The Eagles defense needed to make one play Sunday. An interception, a sack, a fumble recovery, a third-down pass swatted away -- anything to disrupt Ben Roethlisberger's methodical winning drive.
That one play never came.
"We should have won that game," defensive tackle Cullen Jenkins said. "We didn't take advantage of the opportunity."
You can't fairly blame a defense for a 16-14 loss to the Steelers. The Eagles are 3-2 despite an offense that has broken the 20-point barrier just once and a quarterback who just can't stop giving the ball away. Those are the main reasons this game got away.
But if the Eagles are going to be special, it is clear that someone on defense is going to have to start making big plays. The Eagles had zero sacks for the second game in a row. They did not force a turnover.
And truth be told, they got very lucky a few times. Jerricho Cotchery tripped over his own feet, turning a sure touchdown into a field goal late in the first half. Open receivers dropped passes left and right, including one off Antonio Brown's hands in the end zone. Roethlisberger mishandled two shotgun snaps.

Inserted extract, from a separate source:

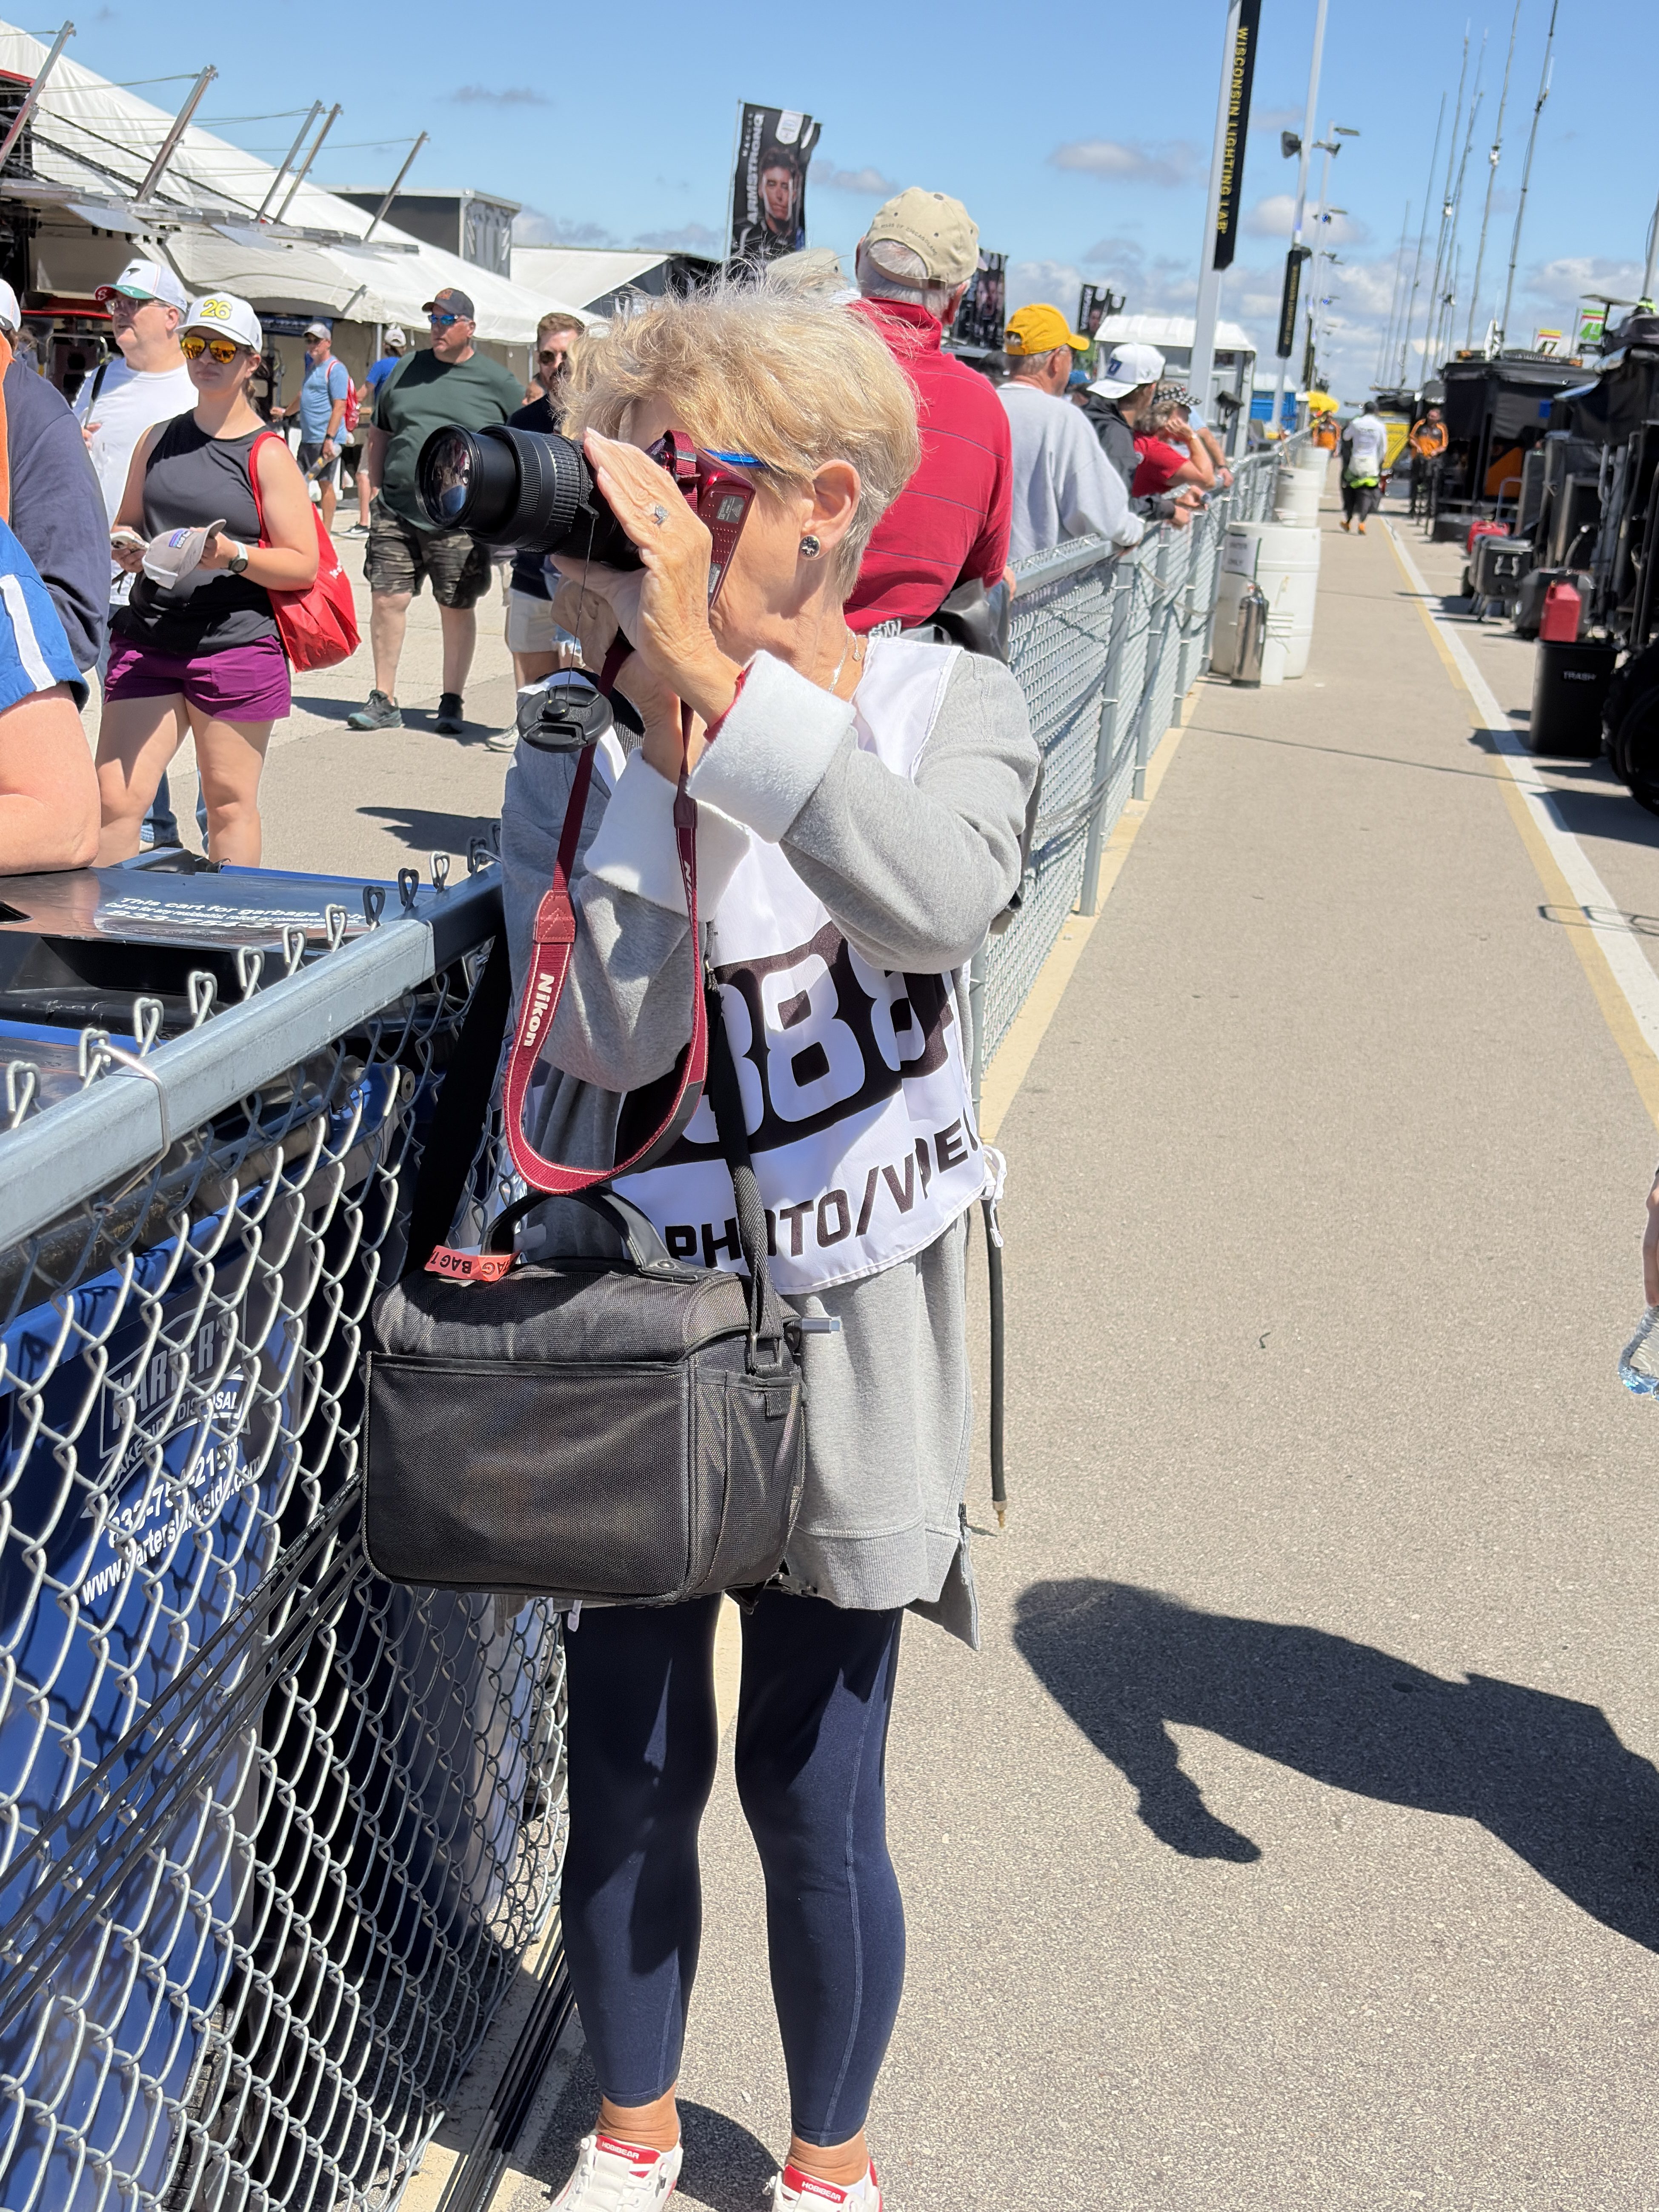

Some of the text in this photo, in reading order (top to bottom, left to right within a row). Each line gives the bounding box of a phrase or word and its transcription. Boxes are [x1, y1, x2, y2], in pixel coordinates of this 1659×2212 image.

The Steelers made more than enough unforced errors to lose this game, and after Michael Vick's fourth-quarter touchdown pass to Brent Celek, it looked like that just might happen. Roethlisberger got the ball at his 20-yard line with 6:33 left. First play: guard Willie Colon was called for holding, pushing the Steelers back to the 10.
One play. The Eagles defense just needed to make one play.
"That's the name of the game," safety Kurt Coleman said. "We wanted to be in that position. We were ready for that. We were excited to go out and take the field and win the game for our club. We just didn't get it done today."
Last week, in the same situation, the Giants drove into field goal range. From the Eagles 26, Eli Manning threw deep for wide receiver Ramses Barden. He mugged Nnamdi Asomugha, drawing a pass-interference penalty that moved the ball back to the 36. If the Giants had been a bit more conservative there, Lawrence Tynes would have been attempting a 40- to 44-yard field goal. Instead, he missed from 54 and the Eagles won.
This time, Roethlisberger was nearly perfect in moving his team 74 yards. He completed passes to convert third-and-12 and third-and-4 situations. The Eagles pass rush just couldn't disrupt him.
"We had pressure," Andy Reid said. "We had chances to get our hands on him. He's a big, strong guy. You have to get him down once you get your hands on him. We knew that was an issue. That's been an issue with every team that's played him."
Roethlisberger has been sacked 323 times in his career -- 40 times last year and nine times in three previous games this season. He has thrown 101 interceptions and fumbled the ball 55 times. So it is possible to make a big play against him.
The Eagles have built their defense around a front four that goes full-bore after the quarterback on every play. It is almost stunning that they have just seven quarterback sacks this year. By Week 5 in 2011, end Jason Babin had exactly seven sacks.
Pressuring quarterbacks also is supposed to create turnovers, but that's not happening either. In four games since feasting on rookie Brandon Weeden in Cleveland, the Eagles have just two interceptions and one fumble recovery. That just isn't enough, especially when Vick is averaging two giveaways per week.
The Eagles are not a great team. Not yet. If they are going to become one by the end of the season, they need their defense to take that next step.
Sometimes that means making one play. Just one play.
Phil Sheridan is a columnist for the Philadelphia Inquirer.